The prime minister was due to go back to his office on Friday – seven days after being diagnosed with coronavirus – but still “has symptoms”, No 10 acknowledged.
Asked if he would leave isolation on Friday, his spokesman repeatedly refused to give a guarantee, saying only: “We will follow the guidelines... you can rest assured on that.”
Mr Johnson released a video to answer criticism of the failure to hit testing targets on Wednesday evening, but did not appear well to most observers.
He was already facing criticism for planning to emerge from his flat on Friday – after just seven days – when World Health Organisation guidelines call for 14 days of isolation.
The spokesman declined to go into the details of Mr Johnson’s continuing symptoms, refusing to say if he was still coughing.
Asked if he would undergo a check today, he said only: “We are fully aware of what the guidelines are. We will follow that to the letter.”
And he acknowledged: “What the guidelines say is that, if you still have a high temperature, for example, you should keep self-isolating.”
Mr Johnson has remained in charge, chairing the daily Covid-19 meetings, rather than putting Dominic Raab – the so-called ‘designated survivor’ – in his place.
The likely delay to his isolation emerged as No 10 signalled that people could be given “immunity certificates” to prove they have recovered from coronavirus and can leave the lockdown early.
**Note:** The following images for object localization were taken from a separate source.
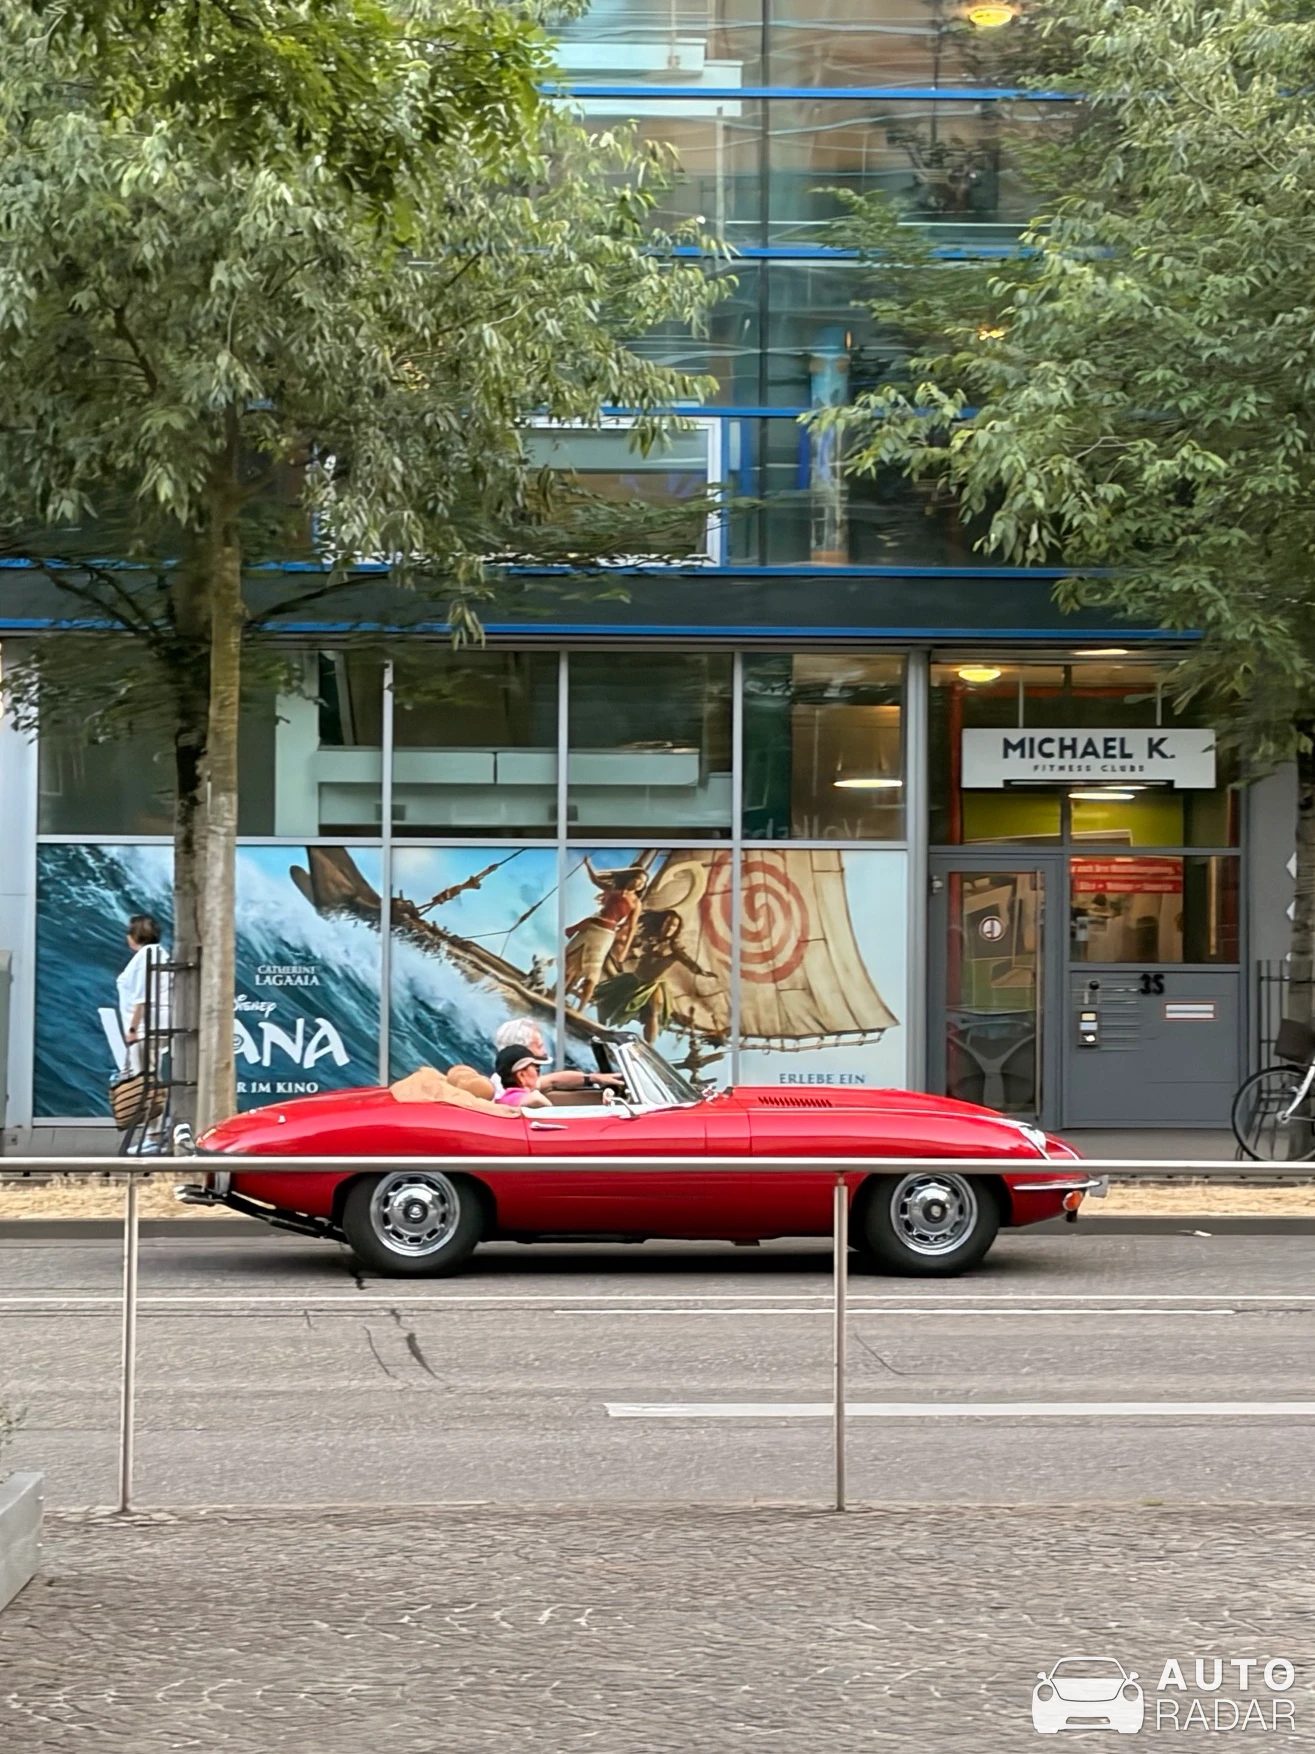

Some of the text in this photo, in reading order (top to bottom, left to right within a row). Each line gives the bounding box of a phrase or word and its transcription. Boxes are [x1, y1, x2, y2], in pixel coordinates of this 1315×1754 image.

[1002, 736, 1176, 760] MICHAEL K.
[1033, 764, 1144, 772] FITNESS CLUBS
[1140, 973, 1164, 995] 35
[233, 994, 277, 1018] isney
[250, 1081, 271, 1093] IM
[276, 1081, 319, 1093] KINO
[779, 1073, 866, 1084] ERLEBE EIN
The move, already planned in Germany, will be “considered” if hoped-for antibody tests – showing a person was infected, but is now healthy – become available on a mass scale.
Asked if the German model would be adopted, Mr Johnson’s spokesman said: “We have always said we would look at strategies that have been followed elsewhere.
“If there are things that would be useful in the UK, we would of course consider them.”
Meanwhile, Downing Street made its clearest admission yet that it is falling badly short on testing if someone currently has the virus, promising a “significant increase” would be announced later today.
“We acknowledge that more needs to be done,” the spokesman told journalists. “We agree we need to be testing more people and to make progress very quickly.”
However, he argued the much-criticised figure that just 2,000 NHS staff had been tested – clearing them to return to the frontline, if negative – was an underestimation.
It said 2,800 had now been seen at drive-in testing facilities, plus an unspecified “significant number” at NHS and Public Health England laboratories.
The spokesman also rebuffed calls to reduce the five-week wait for universal credit, to help a deluge of applicants, saying: “People can take an advance if they need money urgently.”
And he refused to confirm or deny whether mobile phone location data is being used to decide on the success or otherwise of the lockdown.
“We’ve received data from a wide variety of sources in relation to protecting people’s health, but at all times we follow data protection rules,” he insisted.